An advertisement monopole near Plaza Chowk in Ranchi on Thursday. Picture by Hardeep Singh
Ranchi Municipal Corporation is at loggerheads with traffic police over Sunday’s demolition of foundations to erect adverstisement poles flanking Main Road.
Authorities in the traffic department said the structures — meant to put up large, lighted hoardings propped on a single pole — were causing traffic snarls.
Traffic officials claimed the civic body, RMC marketing officer Shiv Kumar Thakur in particular, should have taken a no-objection certificate before building the foundations.
RMC officials, on the other hand, claimed they did not require permission to build anything in areas falling under their jurisdiction, adding that it was the traffic department that was bound to have informed it before going ahead with the demolition.
“The foundations were demolished on February 9 after traffic officials received complaints that two of the structures were causing congestion near Daily Market,” said superintendent of police (traffic) Rajeev Ranjan.
He said RMC should have thought about commuters and traffic personnel before erecting the structures. “We were compelled to demolish the foundations after realising that the civic authorities were indifferent to the problem of traffic snarls in the city. It is the commuter and the traffic personnel who suffer congestion woes,” he said.
Ranjan maintained that if the civic body did not want a repeat of such demolition drives, they must take NOCs from the traffic department before going ahead with erection of advertisement poles on Main Road.
But civic officials blamed the traffic police instead. They said the department was unjustified in demanding that RMC should seek NOCs each time they planned to erect ad poles.

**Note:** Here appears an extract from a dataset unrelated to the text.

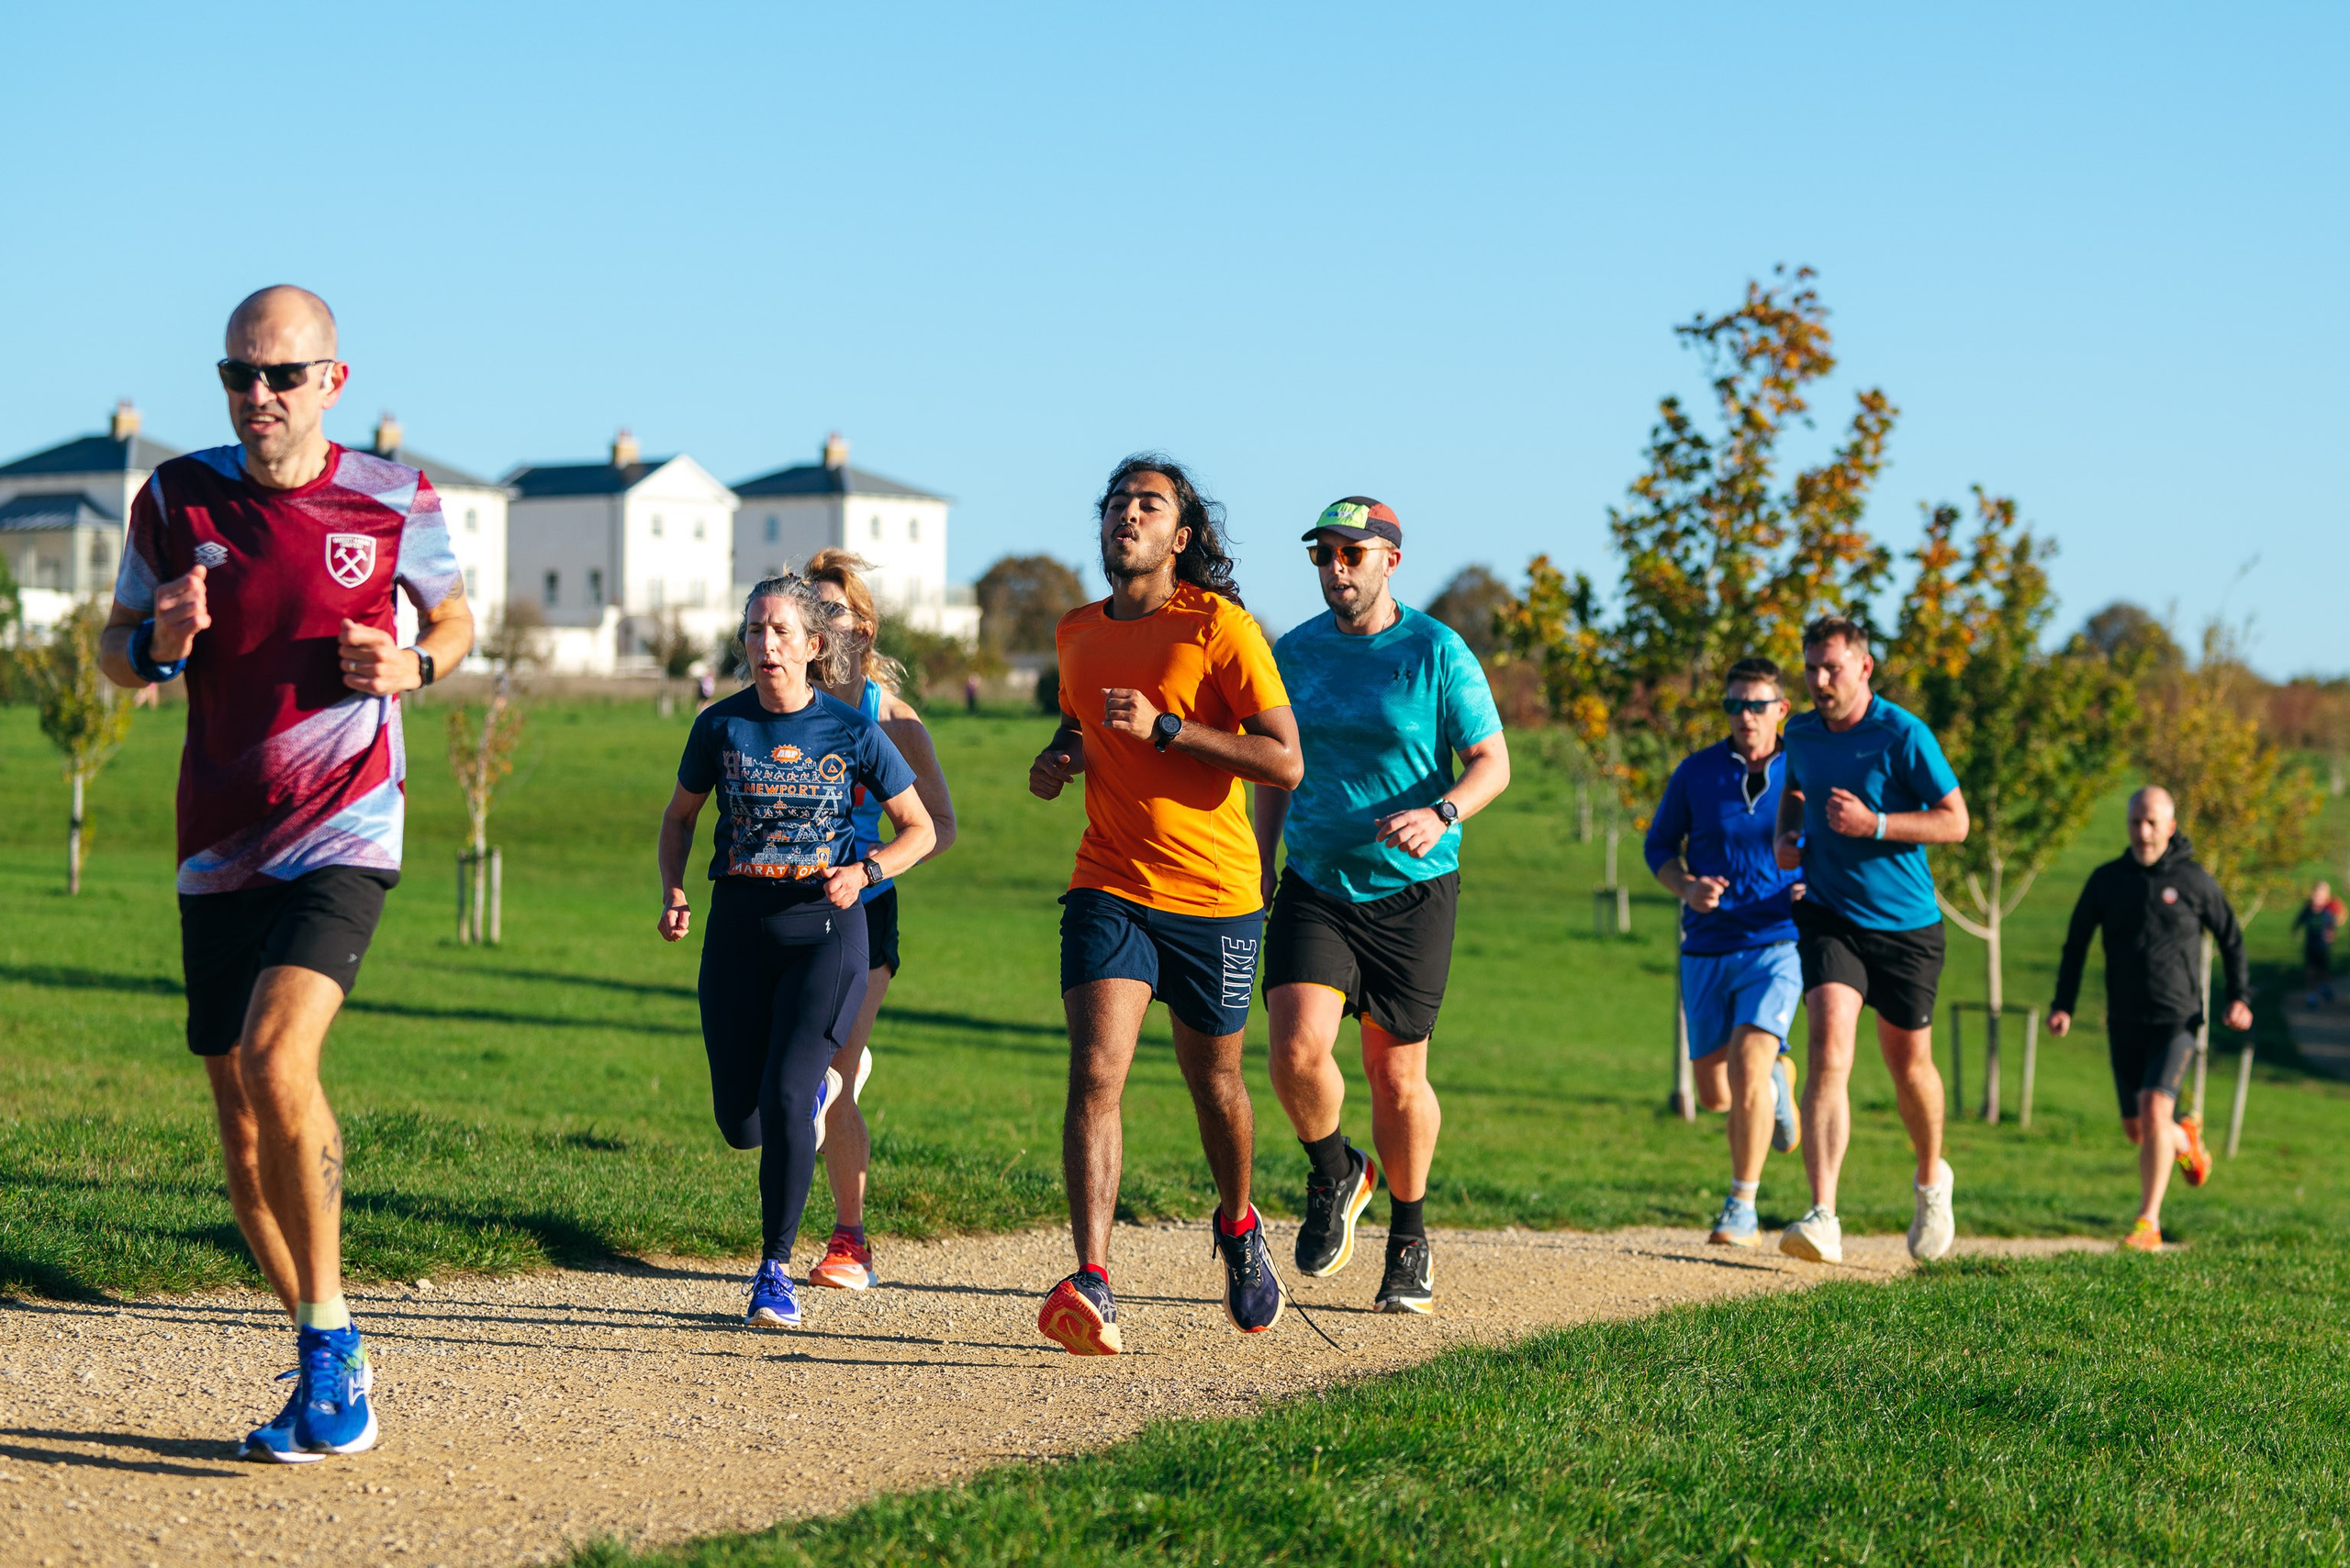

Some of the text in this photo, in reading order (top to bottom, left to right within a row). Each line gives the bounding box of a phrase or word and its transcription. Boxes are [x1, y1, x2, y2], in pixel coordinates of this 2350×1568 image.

[744, 782, 820, 796] NEWPORT
[732, 863, 821, 877] MARATHON
[1222, 935, 1258, 1008] NIKE

Law officer of Ranchi Municipal Corporation Arwind Srivastava said: “Jharkhand Municipal Act provides the civic body legal rights over land coming under its jurisdiction. So, RMC does not require any NOC from traffic department before going ahead with any construction.
He went on to say that if traffic officials felt the poles caused snarls, they should have approached the civic body.
“If traffic officials want RMC’s co-operation in streamlining traffic movement, they should put up a proposal in this regard. RMC will definitely consider it. But, demolishing any structure without taking the civic body in confidence is a wrong move,” he said.
RMC’s chief executive officer Manoj Kumar, however, parried the query. “I do not have any grievance with the traffic SP. Both of us are doing government jobs,” he said.
The Telegraph had, in its December 27 edition, highlighted the problems caused by the huge ad poles.
There are as many as 48 advertisement poles already erected across the city. The huge billboards these prop up obstruct drivers’ views and can lead to mishaps. This apart, heavy vehicles run the risk of hitting them at night.
Has any advertisement monopole posed a hurdle for you?